▸ Task prompt
What you return must match the data below exactly, minus any pictures.

▸ Provided data
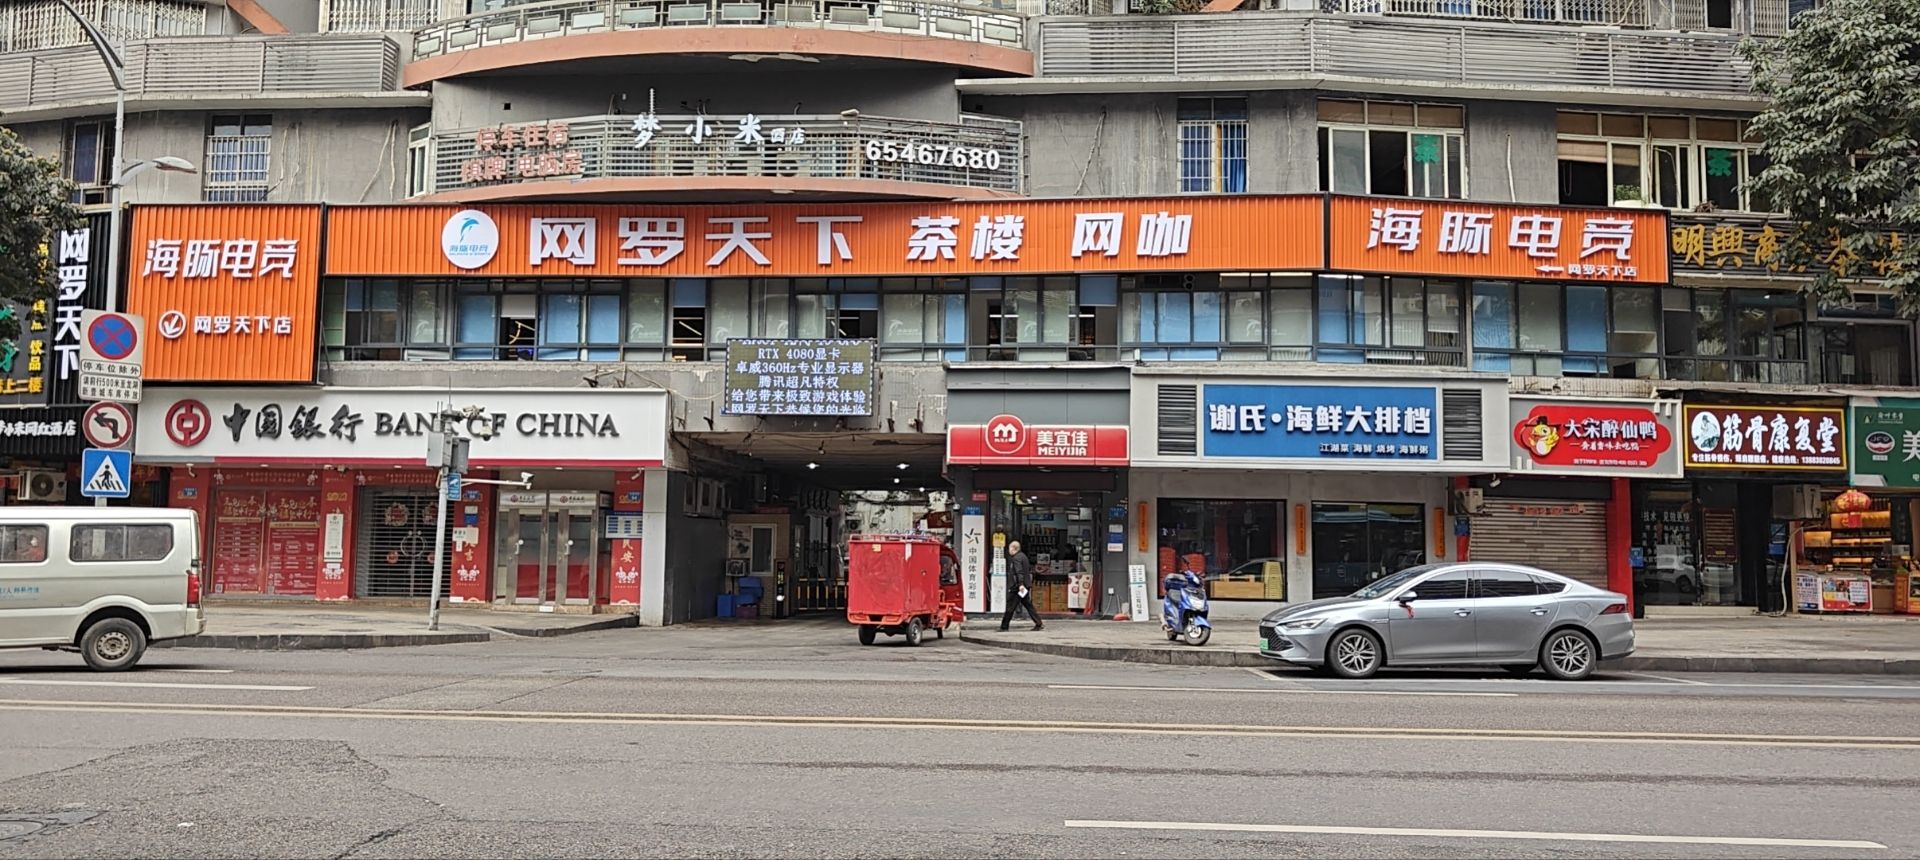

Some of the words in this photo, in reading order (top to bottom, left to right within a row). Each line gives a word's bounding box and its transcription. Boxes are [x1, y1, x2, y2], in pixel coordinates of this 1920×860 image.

[866, 140, 1001, 170] 65467680
[530, 216, 863, 266] 网罗天下
[906, 214, 1024, 260] 茶楼
[1071, 211, 1193, 258] 网咖
[1366, 207, 1635, 260] 海豚电竞
[143, 238, 299, 278] 海豚电竞
[1568, 263, 1637, 277] 网罗天下店
[54, 228, 90, 380] 网罗天下
[194, 315, 291, 335] 网罗天下店
[758, 348, 779, 359] RTX
[786, 347, 841, 360] 4080显卡
[83, 361, 139, 375] 停车位除外
[735, 360, 864, 375] 卓威360Hz专业显示器
[0, 377, 43, 393] 上二楼
[758, 376, 839, 389] 腾讯超凡特权
[731, 389, 866, 403] 给您带来极致游戏体验
[374, 411, 459, 437] BAN
[516, 412, 619, 437] CHINA
[1563, 418, 1657, 439] 大宋醉仙鸭
[1037, 430, 1088, 447] 美宜佳
[1038, 446, 1087, 457] MEIYIJIA
[1320, 443, 1349, 453] 江湖菜
[1353, 443, 1372, 453] 海鲜
[1376, 444, 1395, 454] 烧烤
[1399, 444, 1429, 455] 海鲜粥
[968, 546, 977, 600] 中国体育彩票
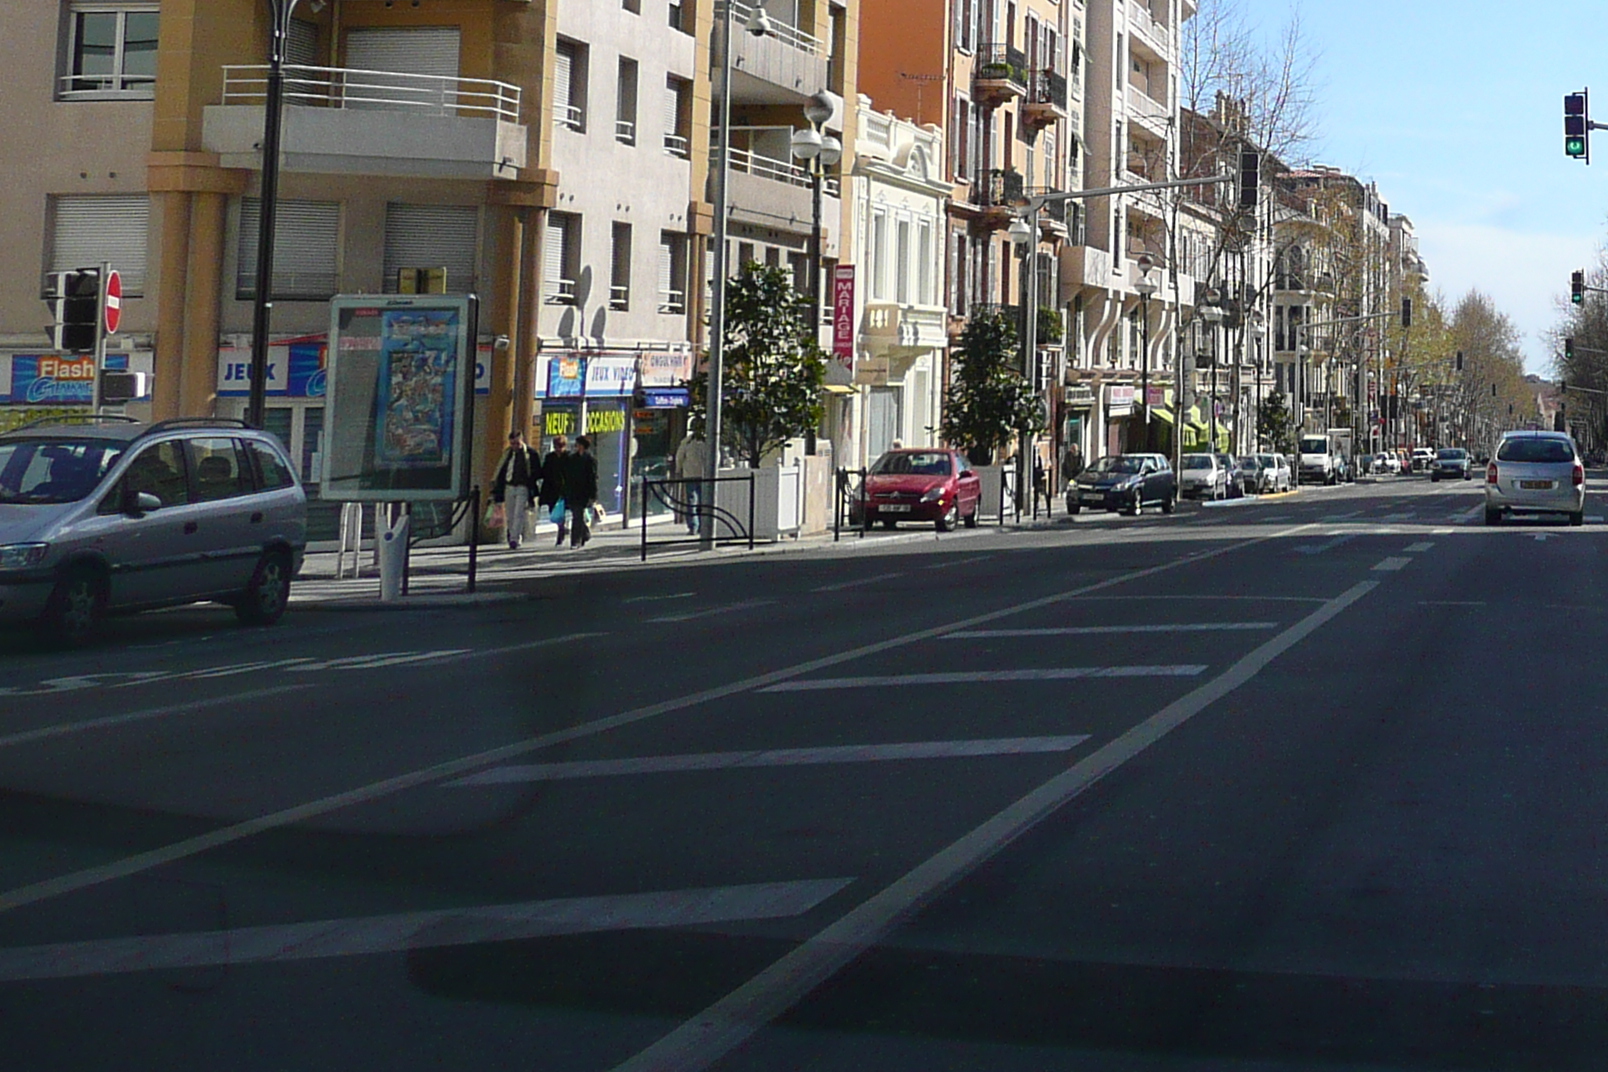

▸ Answer to this exercise
Some of the words in this photo, in reading order (top to bottom, left to right within a row). Each line gives a word's bounding box and its transcription. Boxes are [x1, y1, x2, y2], in pixel coordinates of this 1920×860 image.

[866, 140, 1001, 170] 65467680
[530, 216, 863, 266] 网罗天下
[906, 214, 1024, 260] 茶楼
[1071, 211, 1193, 258] 网咖
[1366, 207, 1635, 260] 海豚电竞
[143, 238, 299, 278] 海豚电竞
[1568, 263, 1637, 277] 网罗天下店
[54, 228, 90, 380] 网罗天下
[194, 315, 291, 335] 网罗天下店
[758, 348, 779, 359] RTX
[786, 347, 841, 360] 4080显卡
[83, 361, 139, 375] 停车位除外
[735, 360, 864, 375] 卓威360Hz专业显示器
[0, 377, 43, 393] 上二楼
[758, 376, 839, 389] 腾讯超凡特权
[731, 389, 866, 403] 给您带来极致游戏体验
[374, 411, 459, 437] BAN
[516, 412, 619, 437] CHINA
[1563, 418, 1657, 439] 大宋醉仙鸭
[1037, 430, 1088, 447] 美宜佳
[1038, 446, 1087, 457] MEIYIJIA
[1320, 443, 1349, 453] 江湖菜
[1353, 443, 1372, 453] 海鲜
[1376, 444, 1395, 454] 烧烤
[1399, 444, 1429, 455] 海鲜粥
[968, 546, 977, 600] 中国体育彩票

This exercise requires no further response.